• _Work to complete_
Nothing but the pictures may be dropped; the rest of the listing is to be written out exactly.

• _Extracted records_
════════
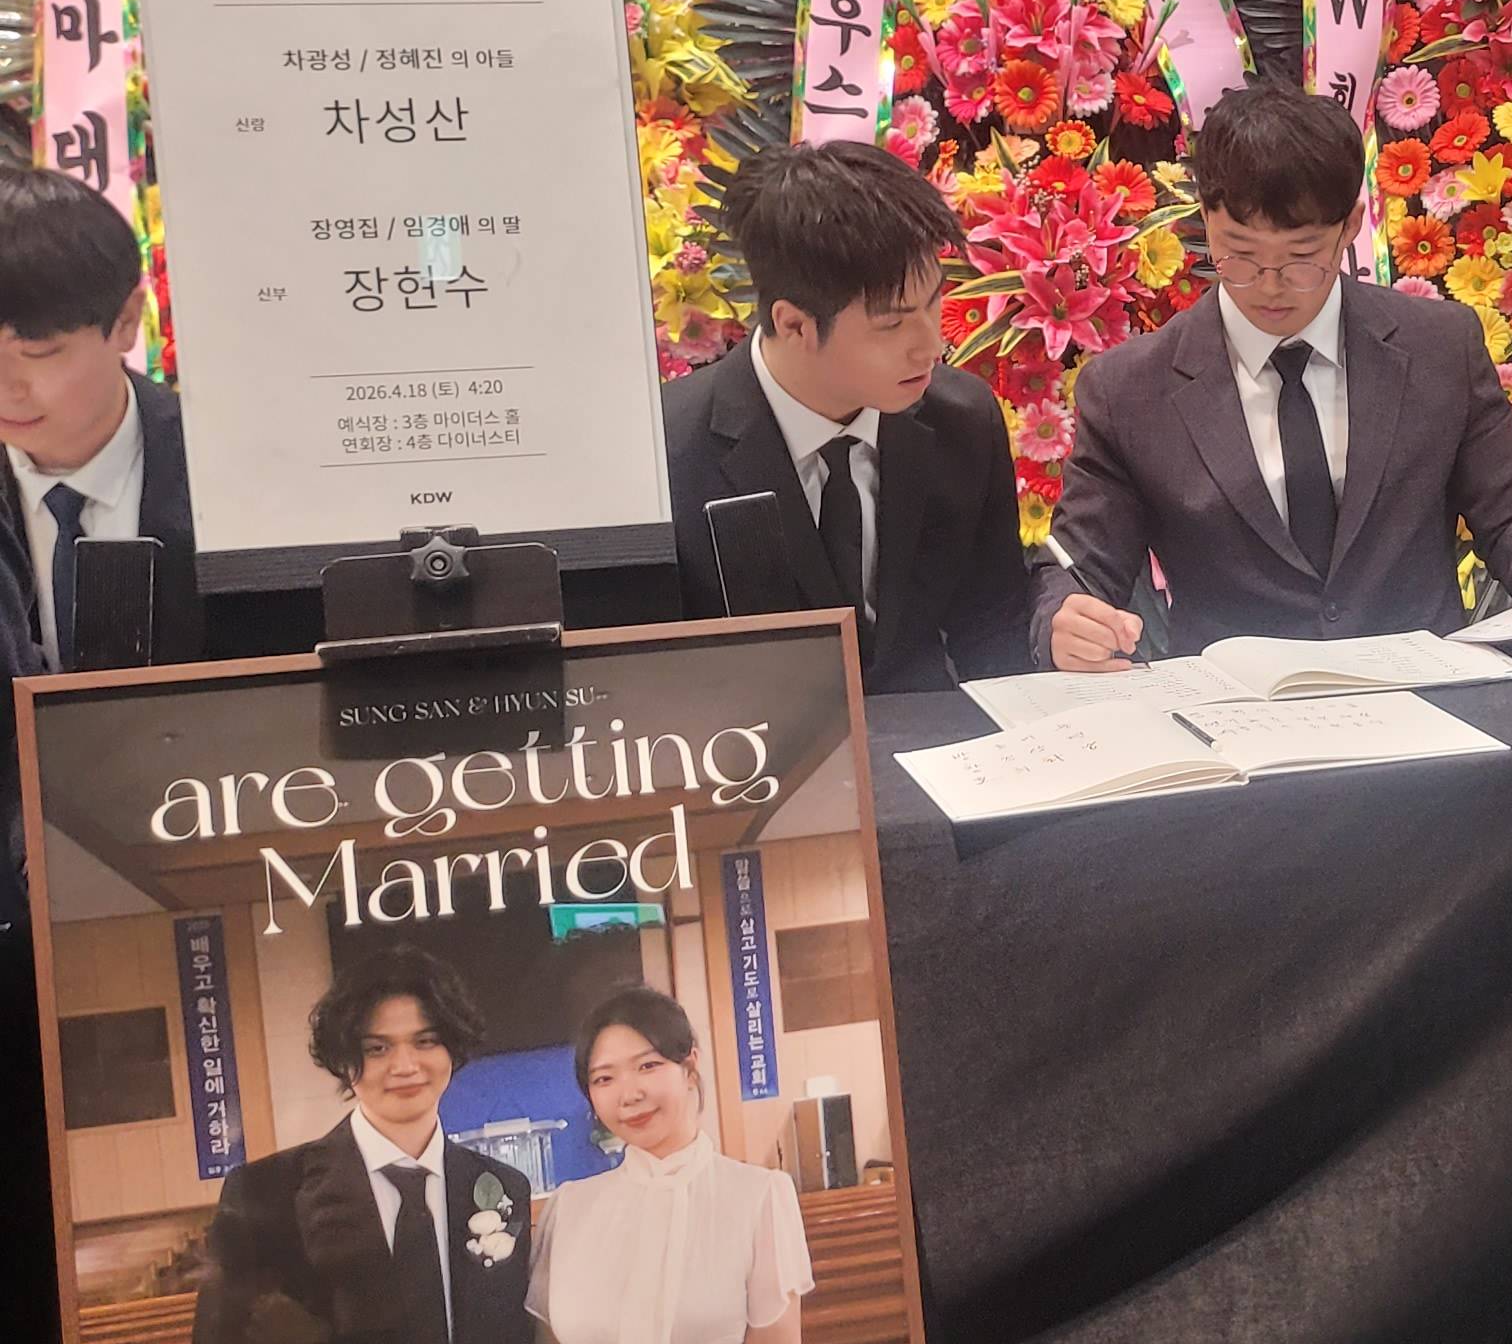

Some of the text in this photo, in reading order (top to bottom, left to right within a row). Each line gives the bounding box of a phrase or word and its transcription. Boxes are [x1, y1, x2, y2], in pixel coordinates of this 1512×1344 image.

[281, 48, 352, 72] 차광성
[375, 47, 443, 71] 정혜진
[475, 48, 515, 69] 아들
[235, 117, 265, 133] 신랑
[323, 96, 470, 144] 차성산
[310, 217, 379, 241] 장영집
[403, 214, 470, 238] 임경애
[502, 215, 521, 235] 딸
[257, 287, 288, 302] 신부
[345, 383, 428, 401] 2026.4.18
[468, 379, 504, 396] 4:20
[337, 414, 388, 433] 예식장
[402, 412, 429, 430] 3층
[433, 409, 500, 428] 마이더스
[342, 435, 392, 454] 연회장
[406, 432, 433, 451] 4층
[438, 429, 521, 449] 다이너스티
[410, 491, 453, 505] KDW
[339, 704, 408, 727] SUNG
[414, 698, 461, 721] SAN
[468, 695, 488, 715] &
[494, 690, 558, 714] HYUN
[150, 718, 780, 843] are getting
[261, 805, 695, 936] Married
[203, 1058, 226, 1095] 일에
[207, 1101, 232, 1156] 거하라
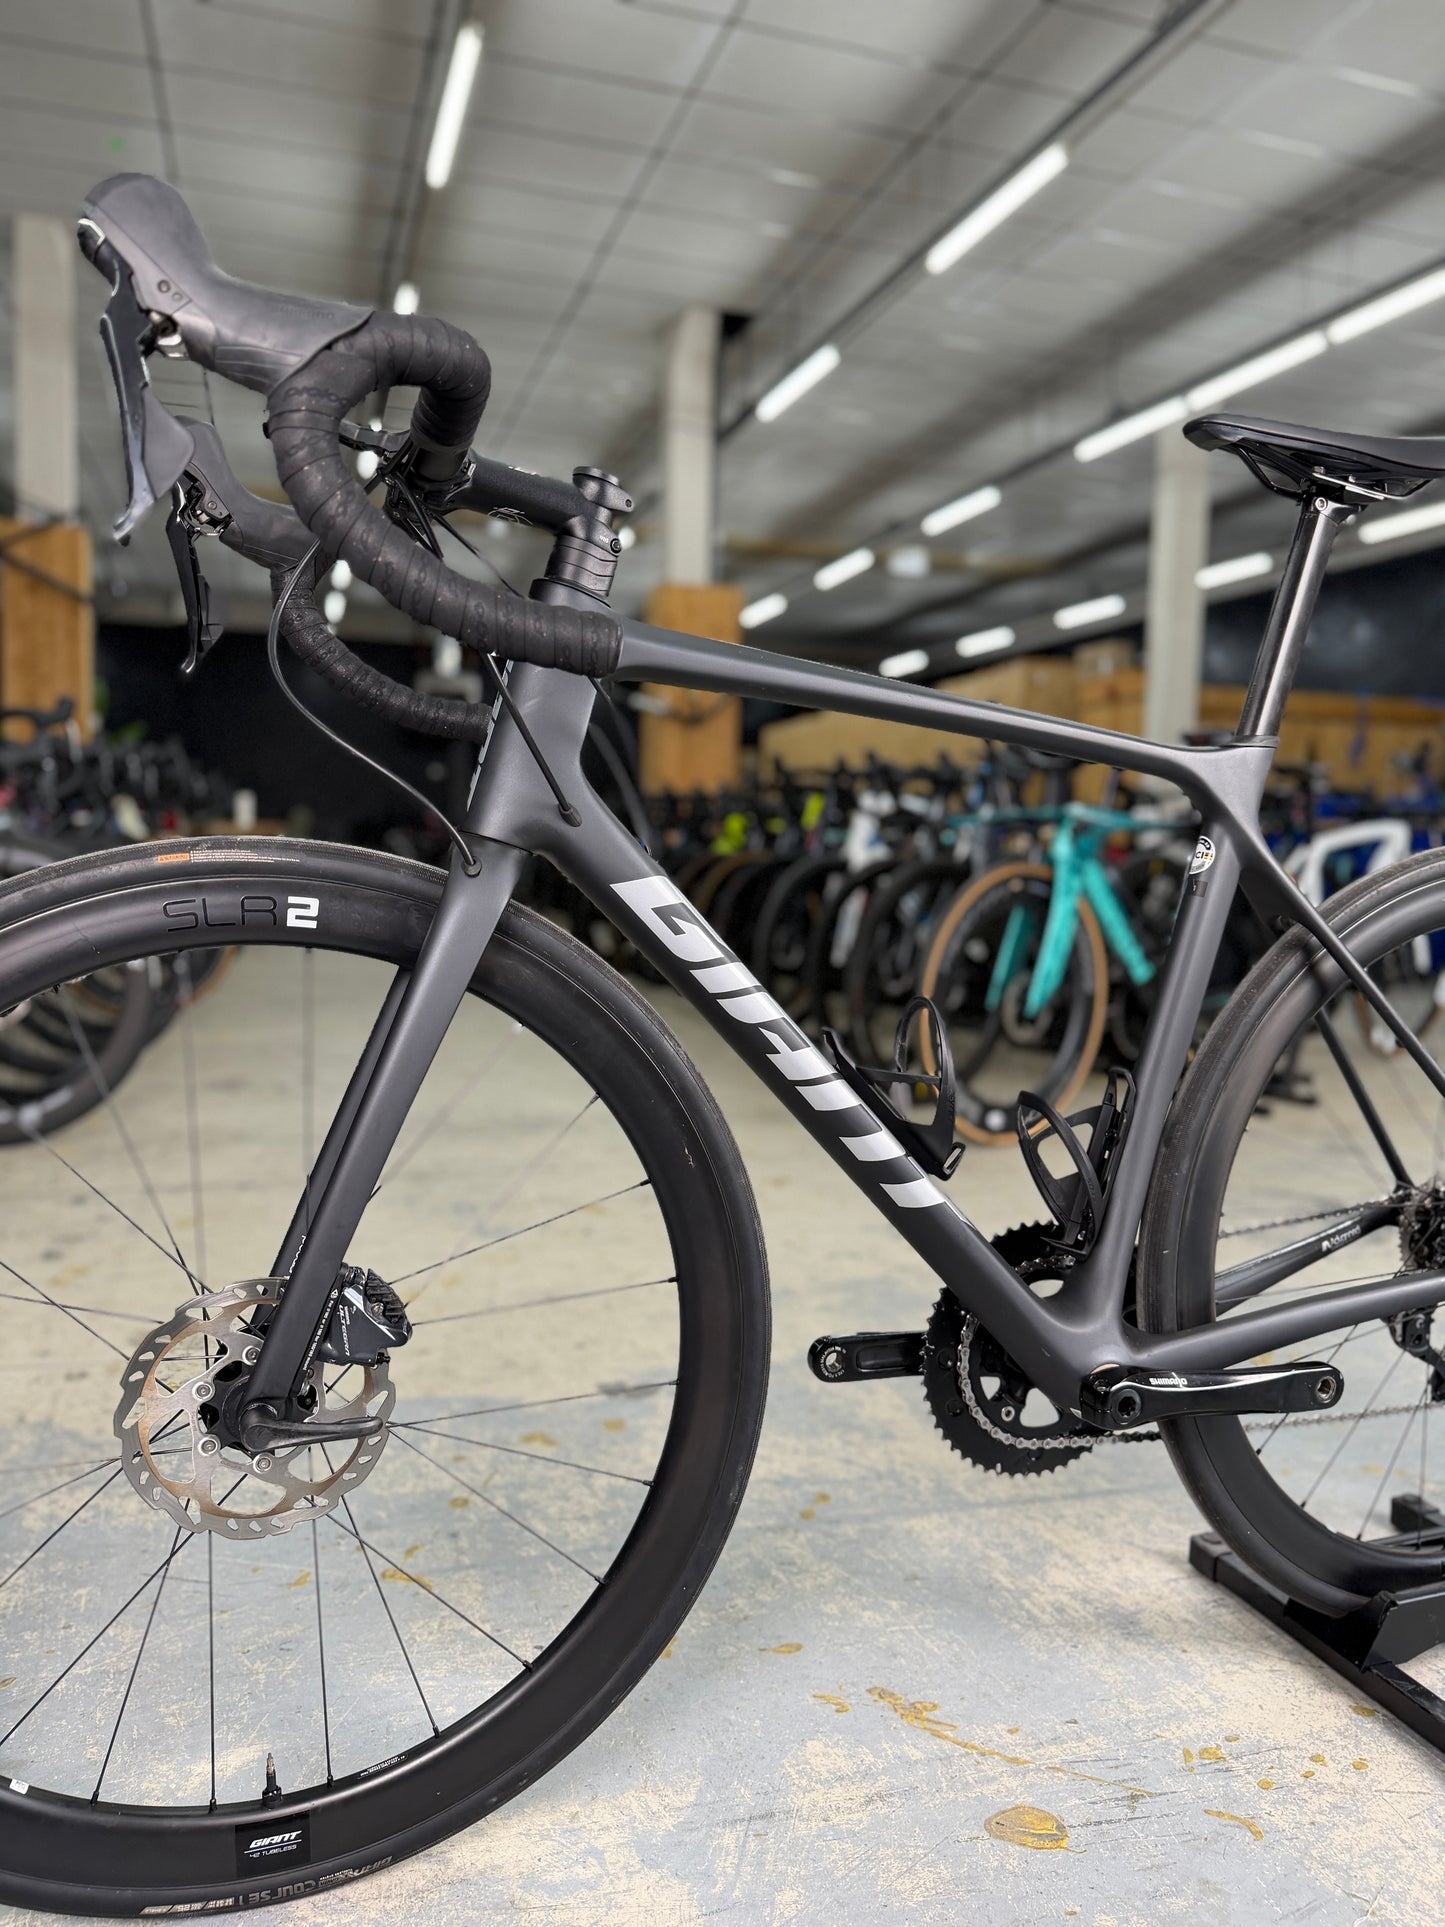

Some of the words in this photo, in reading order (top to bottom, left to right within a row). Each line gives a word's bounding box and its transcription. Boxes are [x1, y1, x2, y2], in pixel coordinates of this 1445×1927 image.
════════
• _Solution for this task_
Some of the text in this photo, in reading order (top to bottom, left to right within a row). Each line gives the bounding box of a phrase or word and its transcription. Boxes are [x1, y1, x2, y2], in pixel coordinates of this 1512×1344 image.

[281, 48, 352, 72] 차광성
[375, 47, 443, 71] 정혜진
[475, 48, 515, 69] 아들
[235, 117, 265, 133] 신랑
[323, 96, 470, 144] 차성산
[310, 217, 379, 241] 장영집
[403, 214, 470, 238] 임경애
[502, 215, 521, 235] 딸
[257, 287, 288, 302] 신부
[345, 383, 428, 401] 2026.4.18
[468, 379, 504, 396] 4:20
[337, 414, 388, 433] 예식장
[402, 412, 429, 430] 3층
[433, 409, 500, 428] 마이더스
[342, 435, 392, 454] 연회장
[406, 432, 433, 451] 4층
[438, 429, 521, 449] 다이너스티
[410, 491, 453, 505] KDW
[339, 704, 408, 727] SUNG
[414, 698, 461, 721] SAN
[468, 695, 488, 715] &
[494, 690, 558, 714] HYUN
[150, 718, 780, 843] are getting
[261, 805, 695, 936] Married
[203, 1058, 226, 1095] 일에
[207, 1101, 232, 1156] 거하라

Some of the words in this photo, in reading order (top to bottom, left to right within a row). Each line gives a word's bounding box and its transcription. Boxes are [x1, y1, x2, y2], in pixel coordinates of this 1445×1927 image.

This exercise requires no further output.